Free-text object descriptions
────────

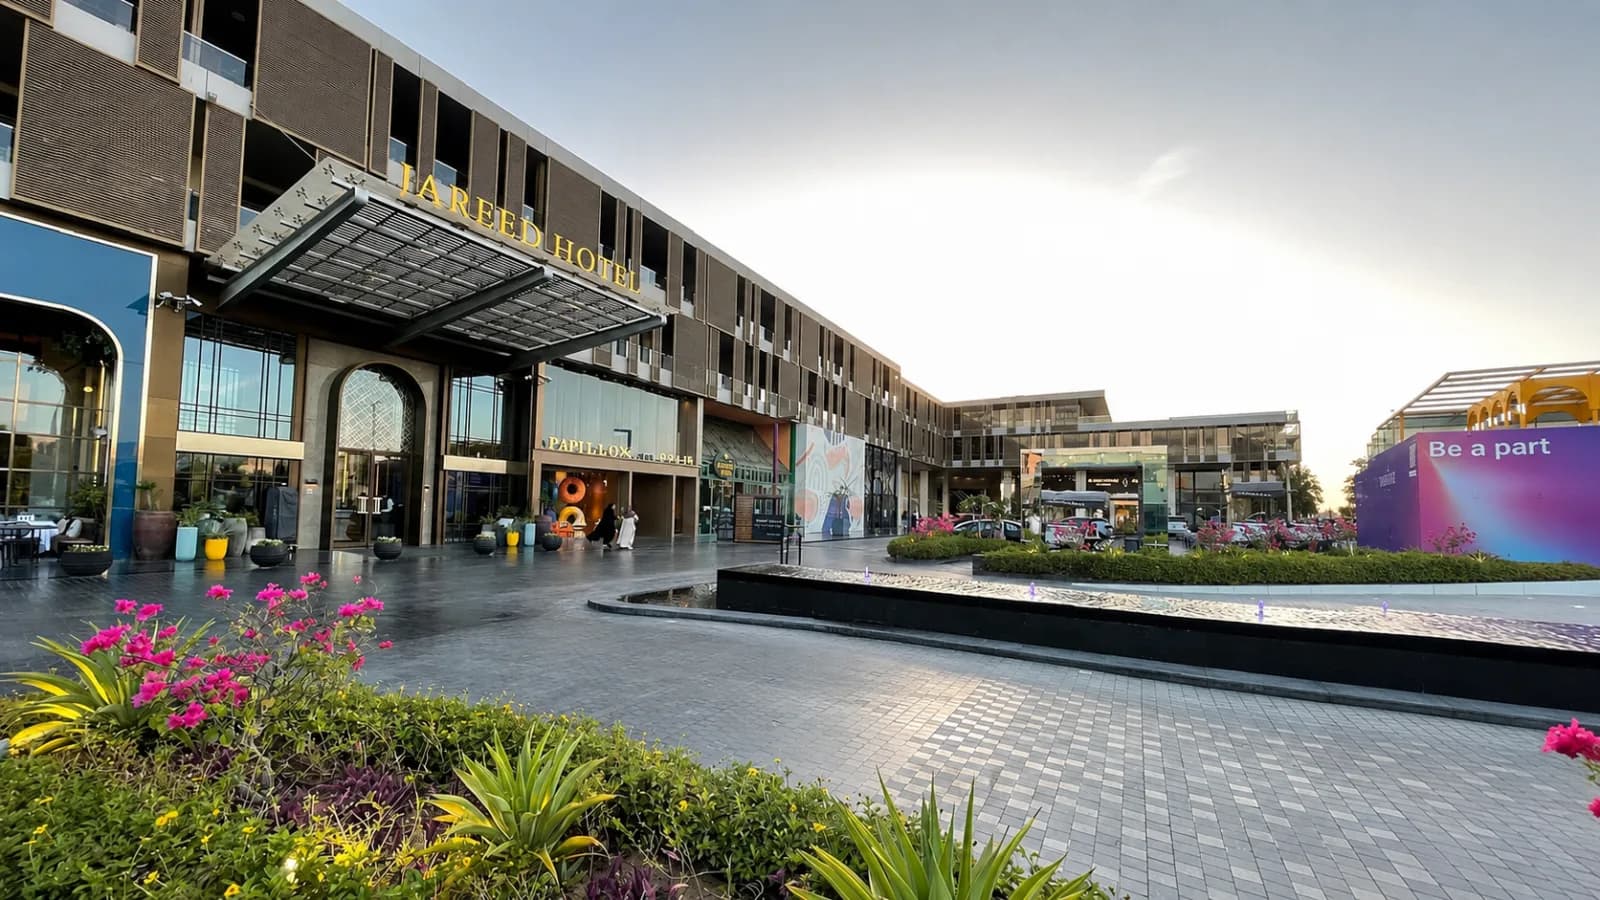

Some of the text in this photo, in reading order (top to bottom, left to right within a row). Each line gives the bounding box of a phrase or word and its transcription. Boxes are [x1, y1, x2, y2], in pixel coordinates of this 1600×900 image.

[399, 161, 641, 294] JAREED HOTEL
[1429, 438, 1551, 460] Be a part
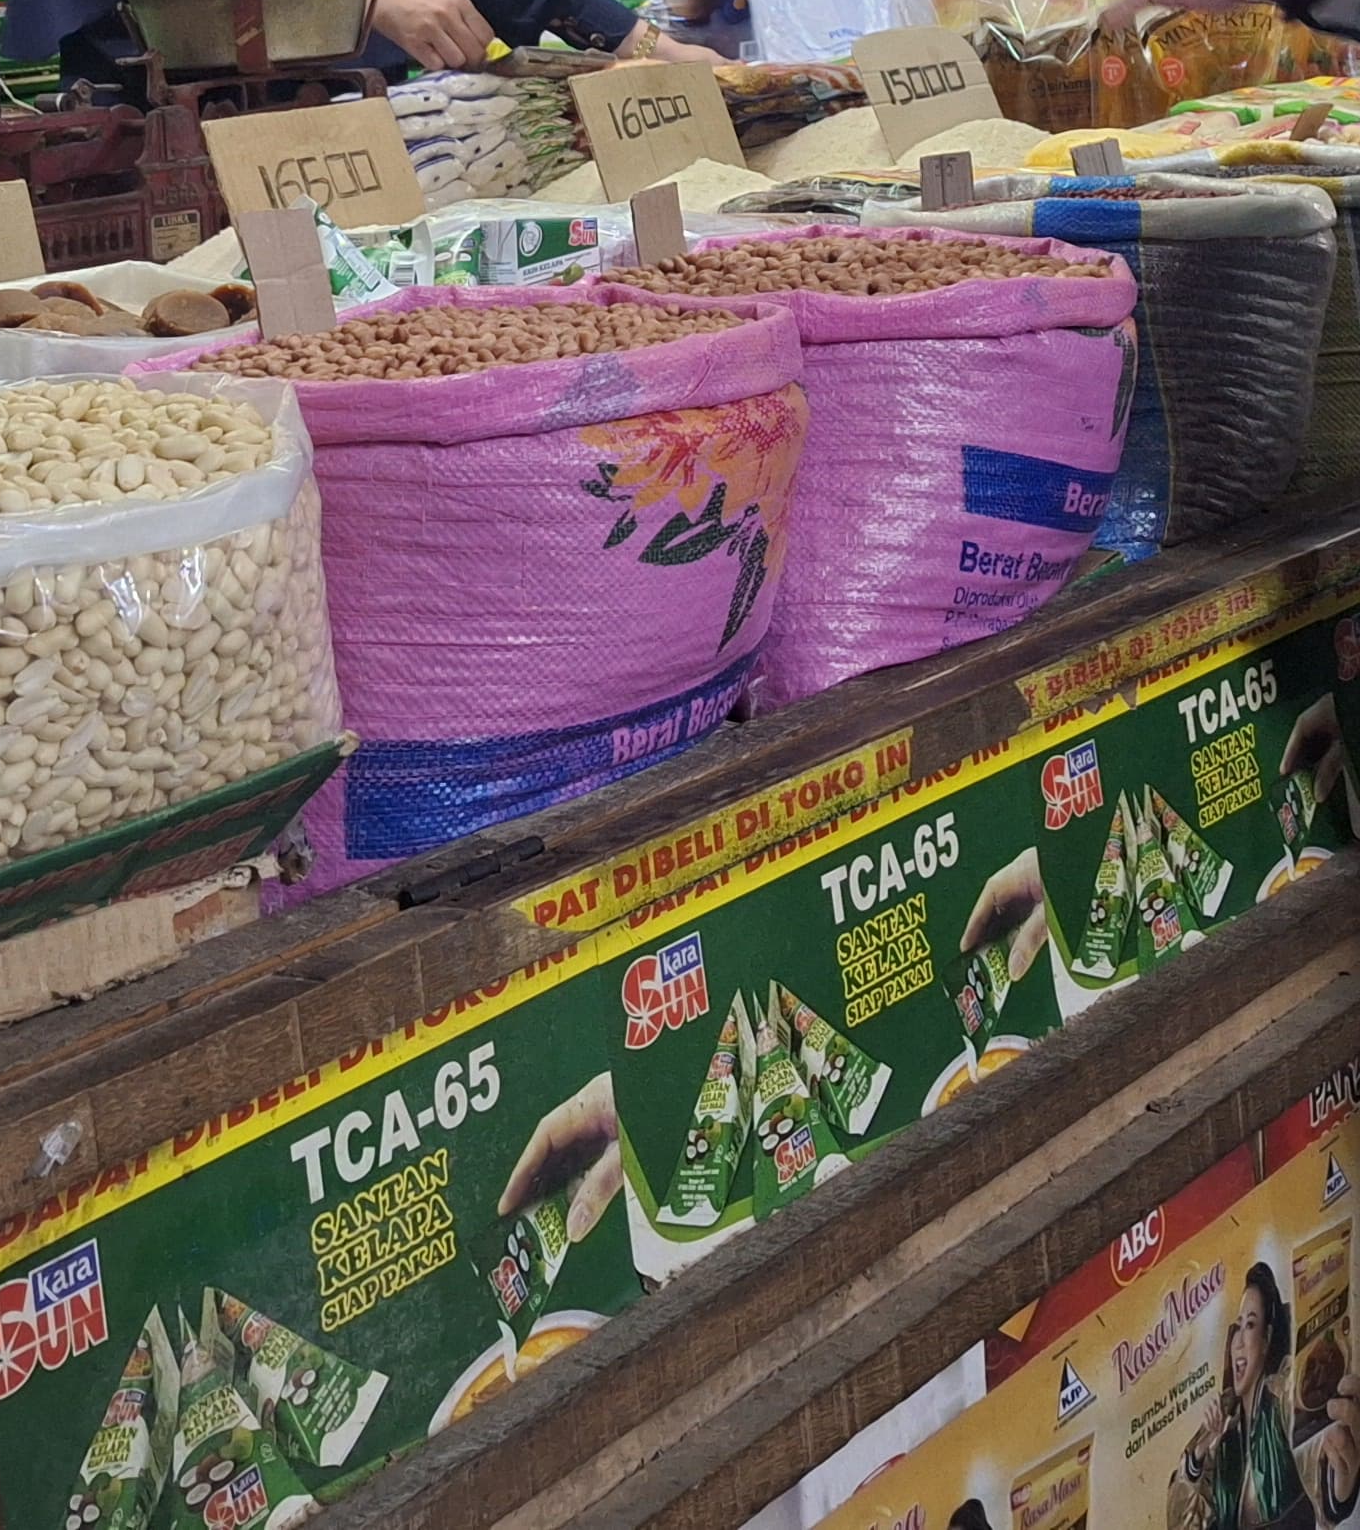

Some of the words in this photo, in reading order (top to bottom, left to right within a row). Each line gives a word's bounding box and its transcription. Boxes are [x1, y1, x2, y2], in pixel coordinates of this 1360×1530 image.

[606, 93, 692, 139] 16000
[880, 60, 966, 106] 15000
[256, 147, 384, 211] 16500
[568, 218, 597, 247] SUN
[959, 539, 1025, 581] Berat
[1045, 647, 1122, 700] DIBELI
[1177, 658, 1278, 745] TCA-65
[610, 708, 684, 765] Berat
[1069, 746, 1096, 777] kara
[1190, 723, 1255, 777] SANTAN
[1040, 754, 1105, 831] SUN
[1195, 752, 1260, 806] KELAPA
[1199, 798, 1227, 829] SIAP
[1226, 779, 1262, 815] PAKAI
[534, 877, 600, 935] PAT
[610, 821, 726, 902] DIBELI
[736, 801, 772, 843] DI
[779, 759, 867, 821] TOKO
[873, 738, 909, 778] IN
[820, 811, 960, 926] TCA-65
[660, 942, 700, 978] kara
[836, 892, 926, 966] SANTAN
[843, 928, 931, 1000] KELAPA
[845, 988, 884, 1029] SIAP
[883, 960, 934, 1008] PAKAI
[621, 952, 710, 1051] SUN
[289, 1040, 502, 1205] TCA-65
[310, 1147, 449, 1256] SANTAN
[317, 1197, 454, 1296] KELAPA
[1116, 1210, 1161, 1271] ABC
[36, 1251, 96, 1302] kara
[320, 1278, 380, 1332] SIAP
[380, 1231, 457, 1299] PAKAI
[1109, 1258, 1226, 1399] RasaMasa
[1060, 1384, 1084, 1410] KSP
[1123, 1436, 1147, 1460] dari
[1146, 1413, 1176, 1449] Masa
[1175, 1398, 1189, 1420] ke
[1188, 1374, 1217, 1409] Masa
[1130, 1393, 1169, 1437] Bumbu
[1167, 1360, 1211, 1408] Warisan

────────

▸ Task description: The records above should be output exactly, but without any of their pictures.

▸ Task output:
Some of the text in this photo, in reading order (top to bottom, left to right within a row). Each line gives the bounding box of a phrase or word and its transcription. Boxes are [x1, y1, x2, y2], in pixel coordinates of this 1600×900 image.

[399, 161, 641, 294] JAREED HOTEL
[1429, 438, 1551, 460] Be a part

Some of the words in this photo, in reading order (top to bottom, left to right within a row). Each line gives a word's bounding box and its transcription. Boxes are [x1, y1, x2, y2], in pixel coordinates of this 1360×1530 image.

[606, 93, 692, 139] 16000
[880, 60, 966, 106] 15000
[256, 147, 384, 211] 16500
[568, 218, 597, 247] SUN
[959, 539, 1025, 581] Berat
[1045, 647, 1122, 700] DIBELI
[1177, 658, 1278, 745] TCA-65
[610, 708, 684, 765] Berat
[1069, 746, 1096, 777] kara
[1190, 723, 1255, 777] SANTAN
[1040, 754, 1105, 831] SUN
[1195, 752, 1260, 806] KELAPA
[1199, 798, 1227, 829] SIAP
[1226, 779, 1262, 815] PAKAI
[534, 877, 600, 935] PAT
[610, 821, 726, 902] DIBELI
[736, 801, 772, 843] DI
[779, 759, 867, 821] TOKO
[873, 738, 909, 778] IN
[820, 811, 960, 926] TCA-65
[660, 942, 700, 978] kara
[836, 892, 926, 966] SANTAN
[843, 928, 931, 1000] KELAPA
[845, 988, 884, 1029] SIAP
[883, 960, 934, 1008] PAKAI
[621, 952, 710, 1051] SUN
[289, 1040, 502, 1205] TCA-65
[310, 1147, 449, 1256] SANTAN
[317, 1197, 454, 1296] KELAPA
[1116, 1210, 1161, 1271] ABC
[36, 1251, 96, 1302] kara
[320, 1278, 380, 1332] SIAP
[380, 1231, 457, 1299] PAKAI
[1109, 1258, 1226, 1399] RasaMasa
[1060, 1384, 1084, 1410] KSP
[1123, 1436, 1147, 1460] dari
[1146, 1413, 1176, 1449] Masa
[1175, 1398, 1189, 1420] ke
[1188, 1374, 1217, 1409] Masa
[1130, 1393, 1169, 1437] Bumbu
[1167, 1360, 1211, 1408] Warisan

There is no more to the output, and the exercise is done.